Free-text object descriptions
__________

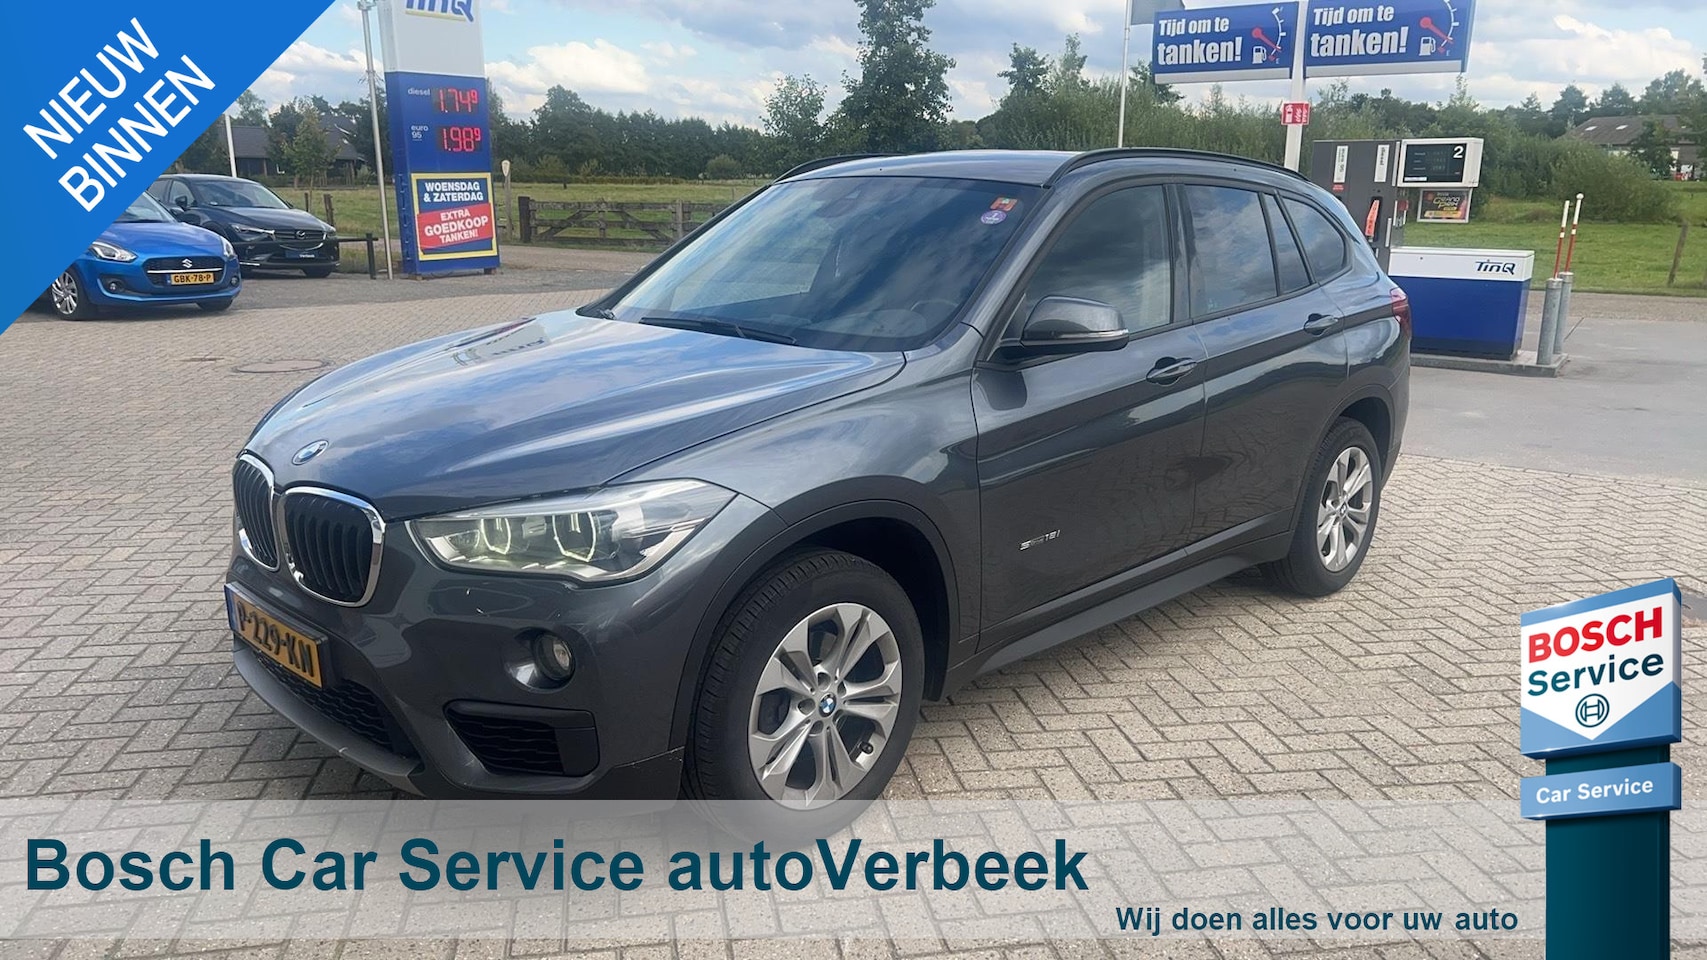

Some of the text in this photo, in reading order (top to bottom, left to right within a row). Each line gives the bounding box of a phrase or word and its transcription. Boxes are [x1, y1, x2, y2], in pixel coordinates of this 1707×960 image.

[1313, 5, 1395, 27] Tijd om te
[1158, 16, 1230, 37] Tijd om te
[1310, 26, 1410, 57] tanken!
[1157, 36, 1243, 66] tanken!
[407, 88, 431, 96] diesel
[411, 131, 422, 139] 95
[1453, 145, 1464, 159] 2
[425, 181, 480, 192] WOENSDAG
[423, 192, 484, 202] & ZATERDAG
[440, 208, 471, 221] EXTRA
[424, 215, 489, 236] GOEDKOOP
[439, 229, 478, 244] TANKEN!
[1475, 259, 1516, 275] TinQ
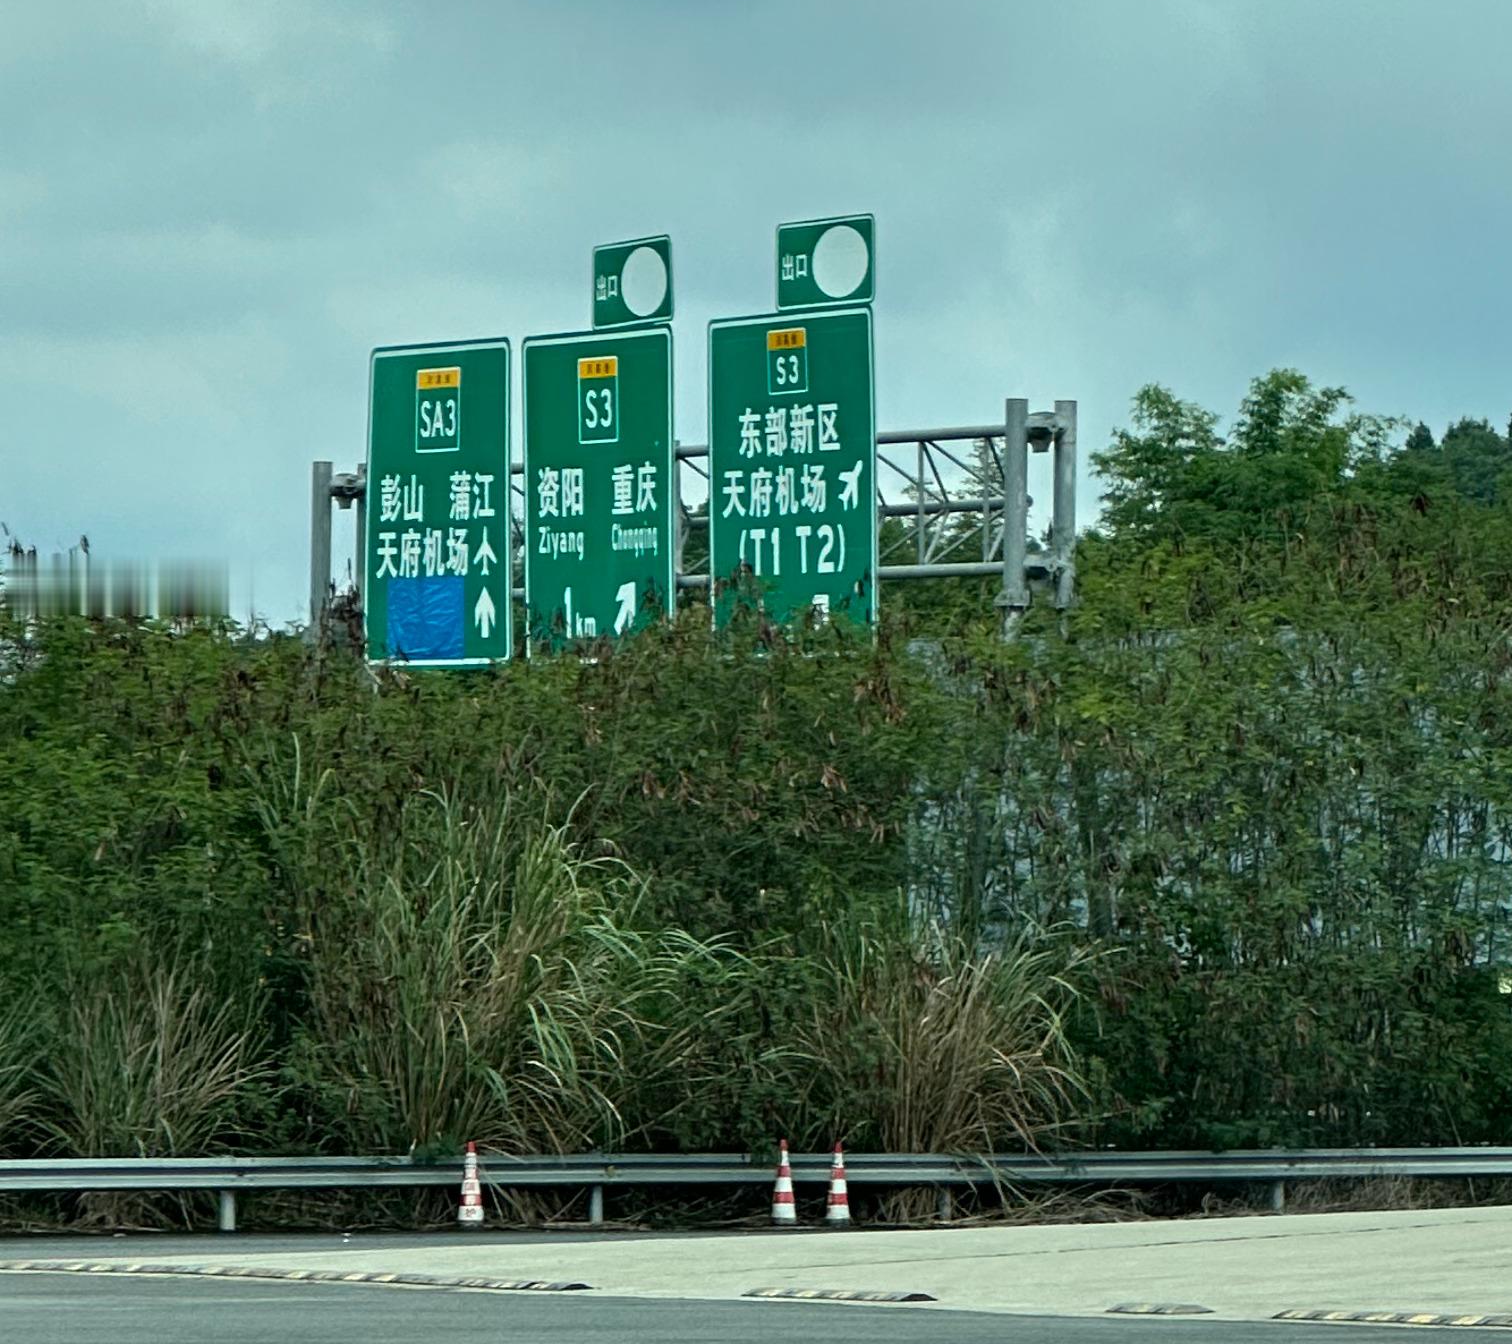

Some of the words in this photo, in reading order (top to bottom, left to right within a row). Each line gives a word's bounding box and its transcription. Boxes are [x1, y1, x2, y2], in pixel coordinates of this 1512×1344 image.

[596, 274, 618, 301] 出口
[781, 253, 808, 281] 出口
[776, 355, 799, 385] S3
[419, 399, 457, 438] SA3
[585, 388, 613, 429] S3
[738, 403, 841, 458] 东部新区
[379, 473, 424, 523] 彭山
[449, 469, 496, 521] 蒲江
[537, 466, 584, 518] 资阳
[611, 460, 658, 515] 重庆
[721, 463, 827, 519] 天府机场
[375, 526, 470, 579] 天府机场
[538, 526, 584, 560] Ziyang
[795, 523, 846, 574] T2)
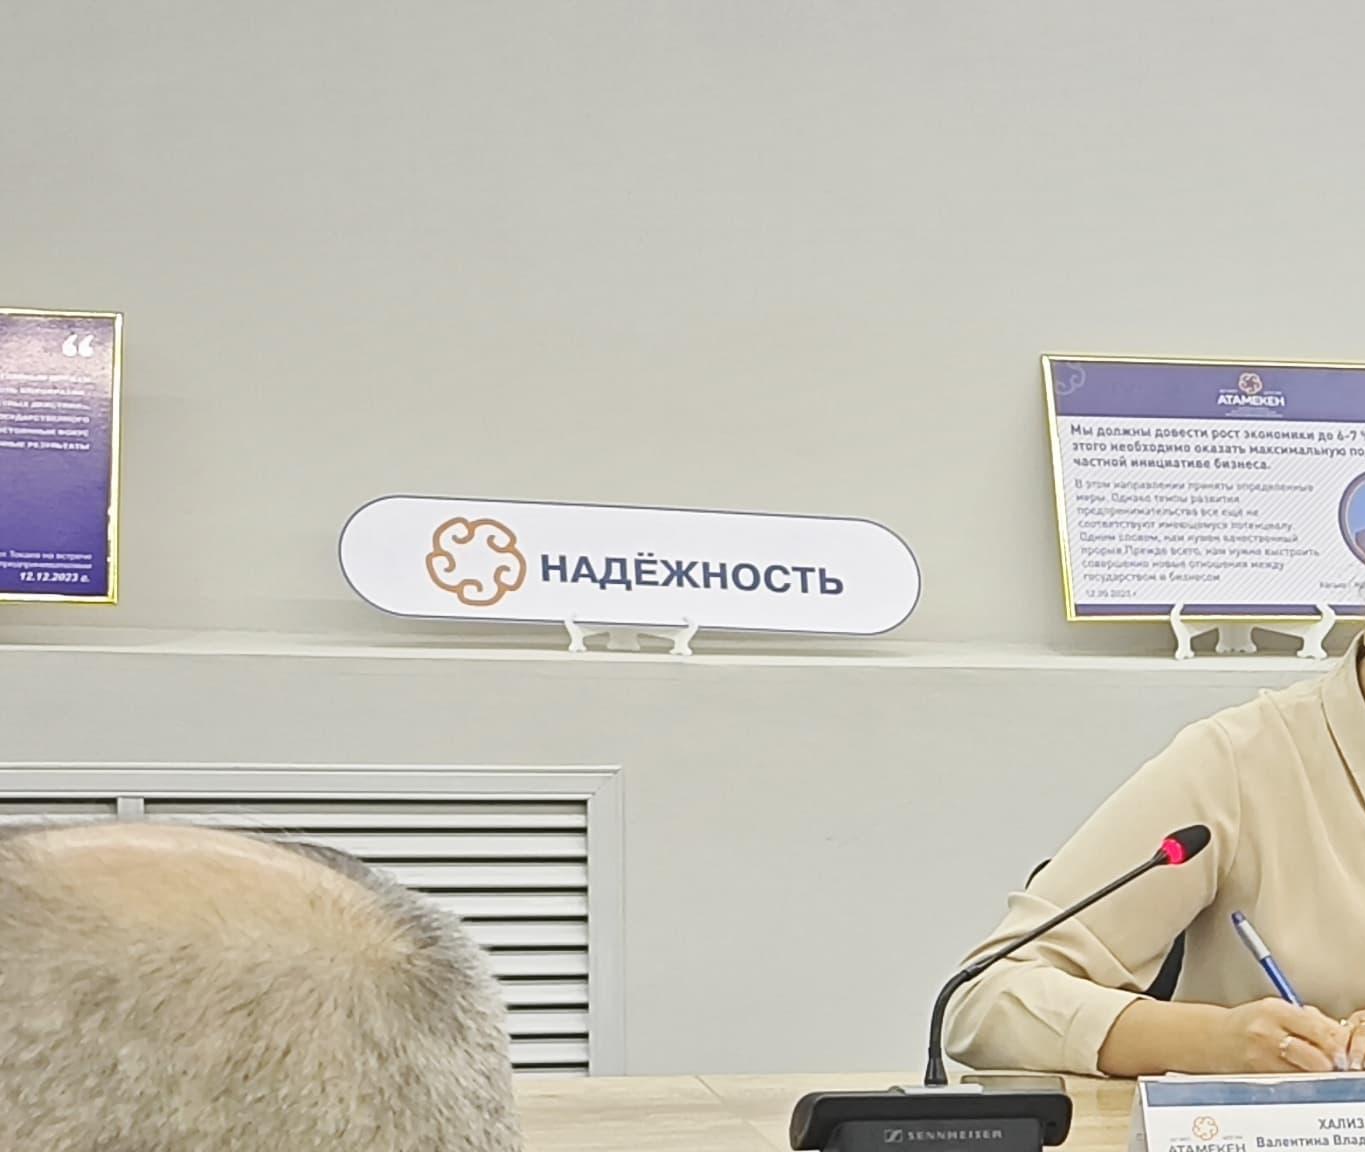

__________

→ Work item:
All of the records above should be reproduced exactly, with the pictures left out.

→ Reply to the task:
Some of the text in this photo, in reading order (top to bottom, left to right within a row). Each line gives the bounding box of a phrase or word and its transcription. Boxes are [x1, y1, x2, y2], in pixel coordinates of this 1707×960 image.

[1313, 5, 1395, 27] Tijd om te
[1158, 16, 1230, 37] Tijd om te
[1310, 26, 1410, 57] tanken!
[1157, 36, 1243, 66] tanken!
[407, 88, 431, 96] diesel
[411, 131, 422, 139] 95
[1453, 145, 1464, 159] 2
[425, 181, 480, 192] WOENSDAG
[423, 192, 484, 202] & ZATERDAG
[440, 208, 471, 221] EXTRA
[424, 215, 489, 236] GOEDKOOP
[439, 229, 478, 244] TANKEN!
[1475, 259, 1516, 275] TinQ

Some of the words in this photo, in reading order (top to bottom, left to right within a row). Each line gives a word's bounding box and its transcription. Boxes are [x1, y1, x2, y2], in pixel coordinates of this 1512×1344 image.

[596, 274, 618, 301] 出口
[781, 253, 808, 281] 出口
[776, 355, 799, 385] S3
[419, 399, 457, 438] SA3
[585, 388, 613, 429] S3
[738, 403, 841, 458] 东部新区
[379, 473, 424, 523] 彭山
[449, 469, 496, 521] 蒲江
[537, 466, 584, 518] 资阳
[611, 460, 658, 515] 重庆
[721, 463, 827, 519] 天府机场
[375, 526, 470, 579] 天府机场
[538, 526, 584, 560] Ziyang
[795, 523, 846, 574] T2)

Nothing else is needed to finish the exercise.